You can also use the WebIn portal as described in the doc.
This is the last step. You first need to create your manifest file fore each MAG following the guideline. Do not forget the fasta field where you put the path of the fasta file which must be compressed. You also need to check that your sequences are valid for ENA (assembly names and sequence patterns) as provided by the guideline. Once this is done you can either validate and submit each sequence individually (see below) or try a bulk submission (I did not try this).

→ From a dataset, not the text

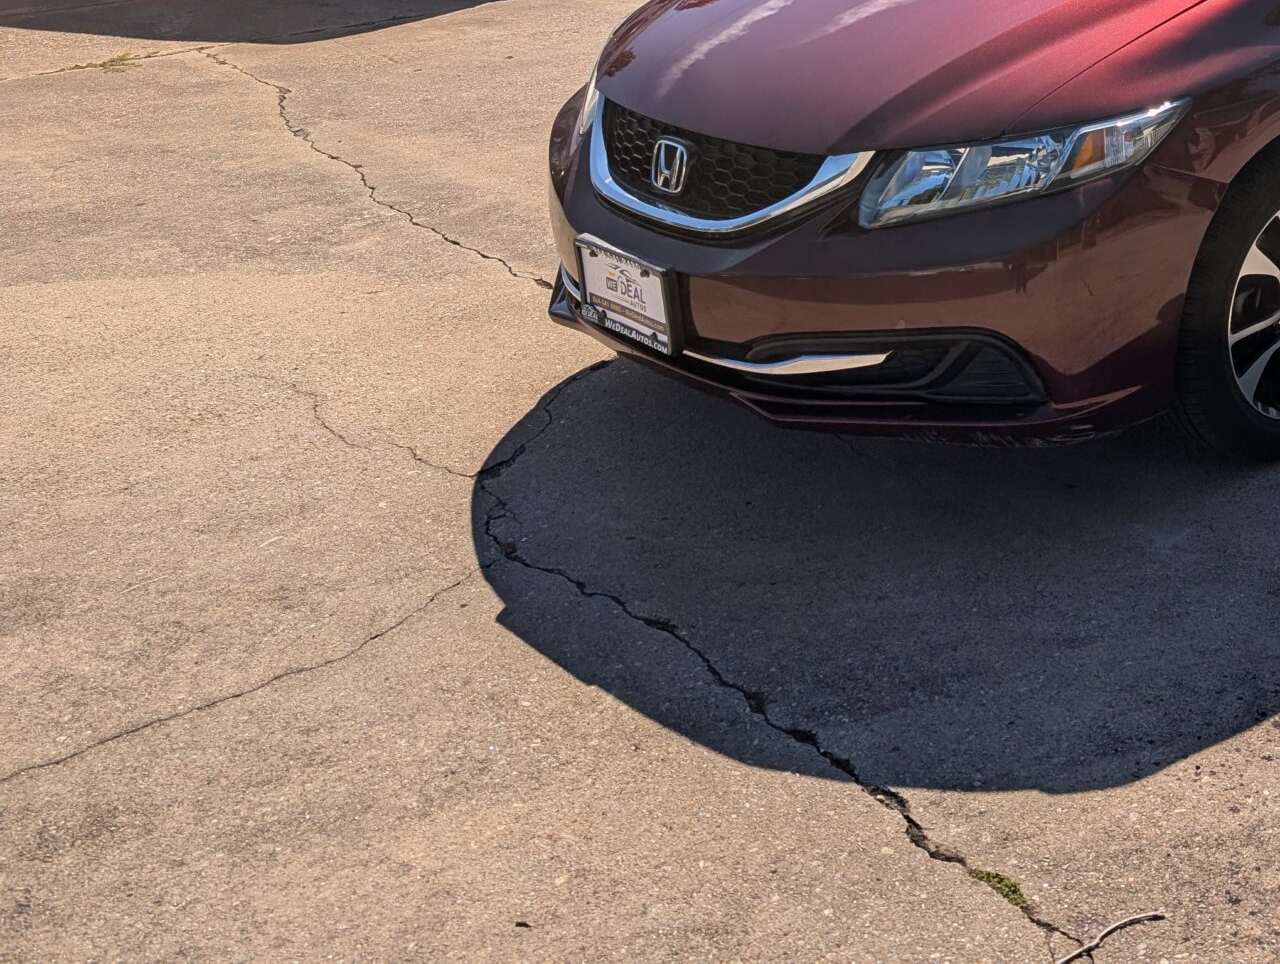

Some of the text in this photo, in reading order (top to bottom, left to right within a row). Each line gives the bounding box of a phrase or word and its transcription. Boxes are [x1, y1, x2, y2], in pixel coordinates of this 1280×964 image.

You first need to validate and then submit your sequence using the Webin-CLI tool based on Java. This process may take a while (around a day for my 4.5K sequences with 8 CPUs on Ronin). Here is a snakemake pipeline which could be used:
reports = glob_wildcards('mags/{sample}.fa.manifest.txt')
rule all:
input:
expand('mags/{sample}.fa.manifest.txt.log.validate.txt', sample=reports.sample)
rule validate:
input:
'mags/{sample}.fa.manifest.txt'
output:
'mags/{sample}.fa.manifest.txt.log.validate.txt'
shell:
'java -jar webin-cli-5.0.0.jar -username USERNAME -password PASSWORD -context genome -manifest {input} -validate > {output}'
rule submit:
input:
'mags/{sample}.fa.manifest.txt'
output:
'mags/{sample}.fa.manifest.txt.log.submit.txt'
shell:
'java -jar webin-cli-5.0.0.jar -username USERNAME -password PASSWORD -context genome -manifest {input} -submit > {output}'Where you have all your manifest files inside a directory like this mags/{sample}.fa.manifest.txt. Replace validate to submit in the input from the all rule if you want to submit. Sometimes one MAG might fail because of server issue, therefore I do recommend using snakemake --keep-going option and relaunch the pipeline once finished for the remaining samples which failed. Once uploaded, your sequences are still displayed as private and you should one or two days for the samples and assemblies to be automatically changed to public and available.
You're finally done. You should receive a long email from ENA with all your submission IDs. Once updated in the ENA website, you should see your MAGs in the Related ENA records sections as Analysis.